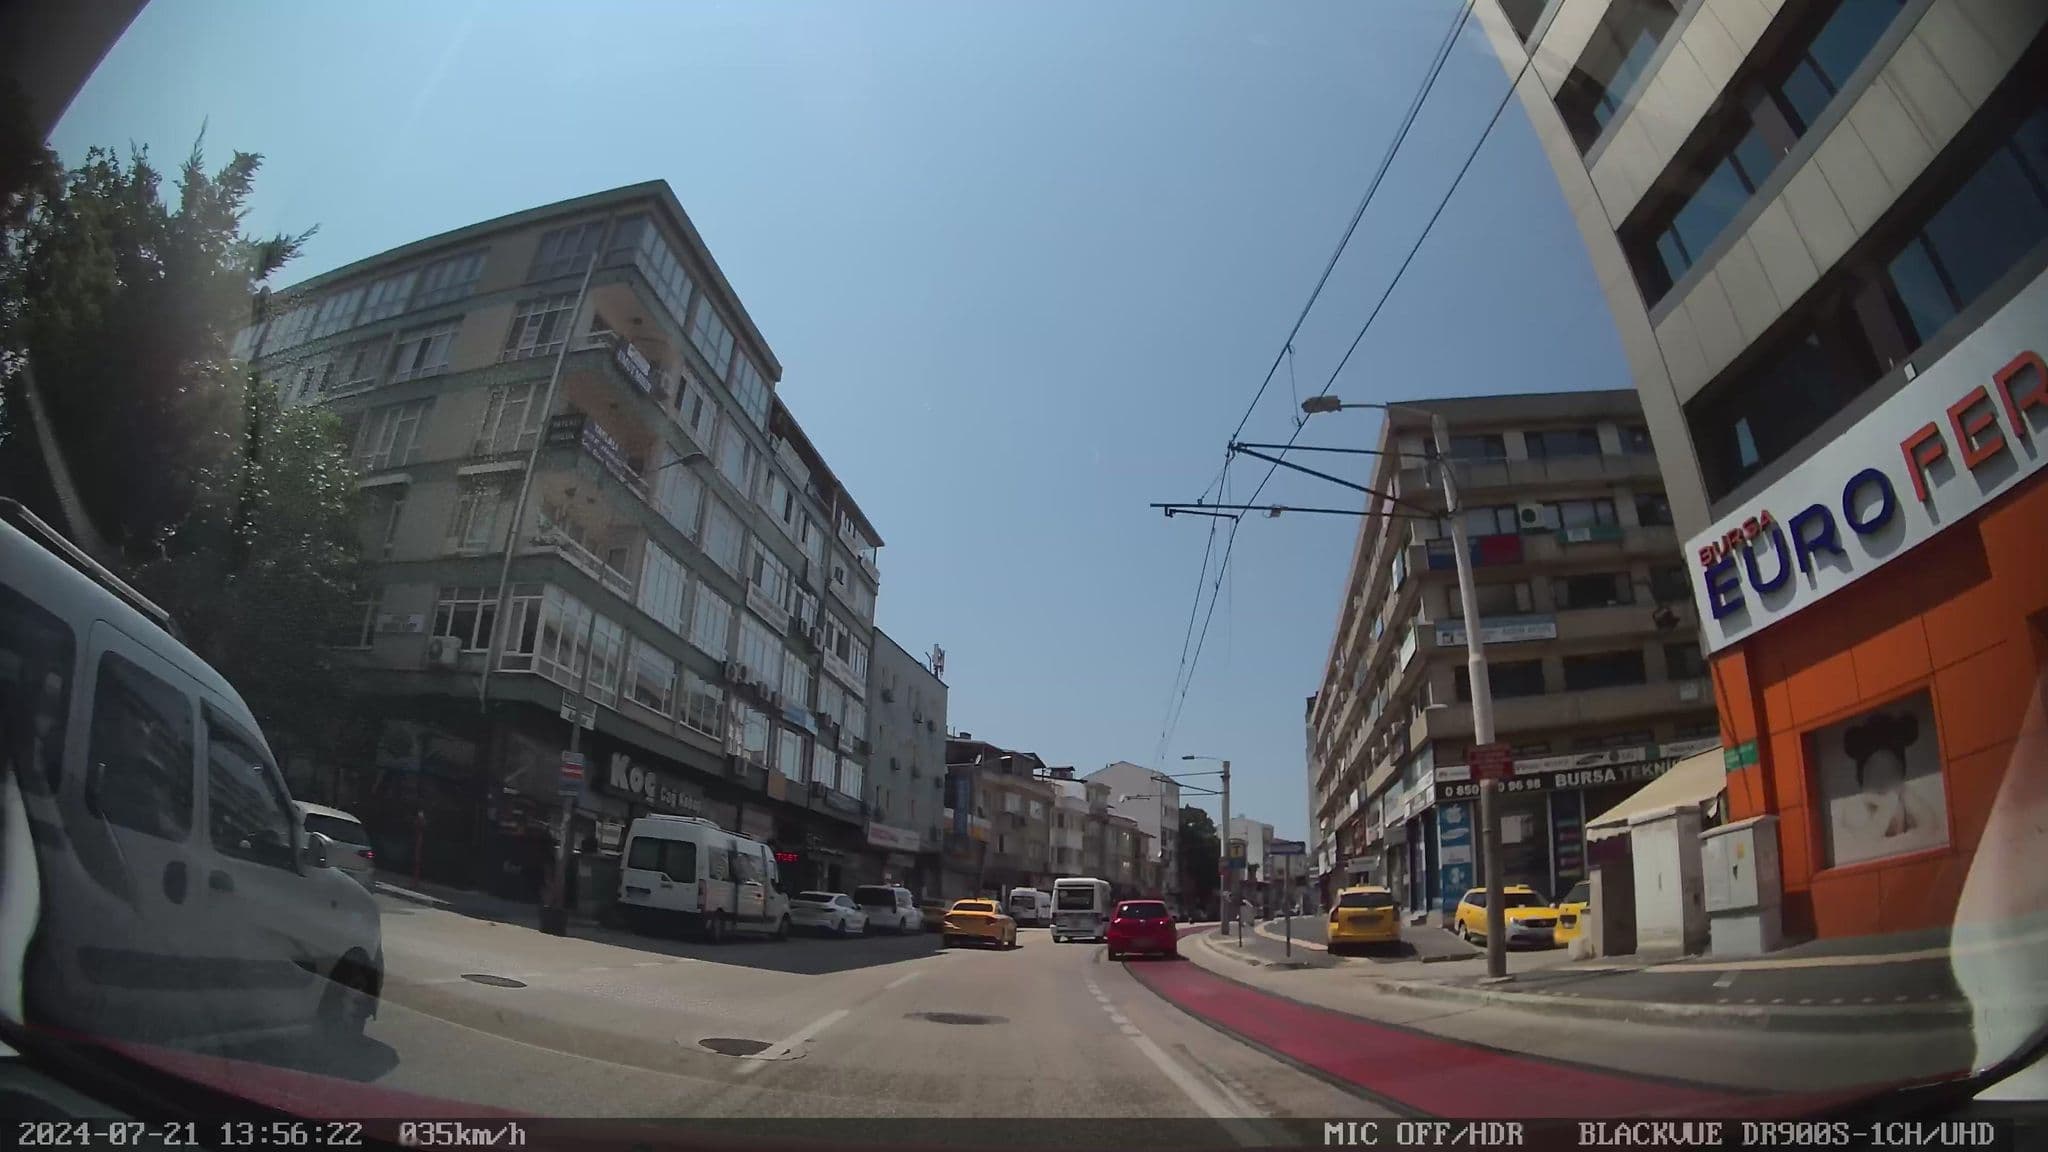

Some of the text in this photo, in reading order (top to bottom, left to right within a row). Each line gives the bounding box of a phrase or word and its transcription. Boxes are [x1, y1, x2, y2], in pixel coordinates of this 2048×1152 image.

[1698, 508, 1775, 568] BURSA
[1704, 467, 1896, 620] EURO
[610, 753, 657, 803] Koç
[1445, 786, 1454, 797] 0
[1456, 784, 1480, 796] 850
[1554, 767, 1617, 788] BURSA

- _Brief_:
From the first line to the last, write out the data above exactly. Omit the pictures.

- _Solved problem_:
Some of the text in this photo, in reading order (top to bottom, left to right within a row). Each line gives the bounding box of a phrase or word and its transcription. Boxes are [x1, y1, x2, y2], in pixel coordinates of this 2048×1152 image.

[1698, 508, 1775, 568] BURSA
[1704, 467, 1896, 620] EURO
[610, 753, 657, 803] Koç
[1445, 786, 1454, 797] 0
[1456, 784, 1480, 796] 850
[1554, 767, 1617, 788] BURSA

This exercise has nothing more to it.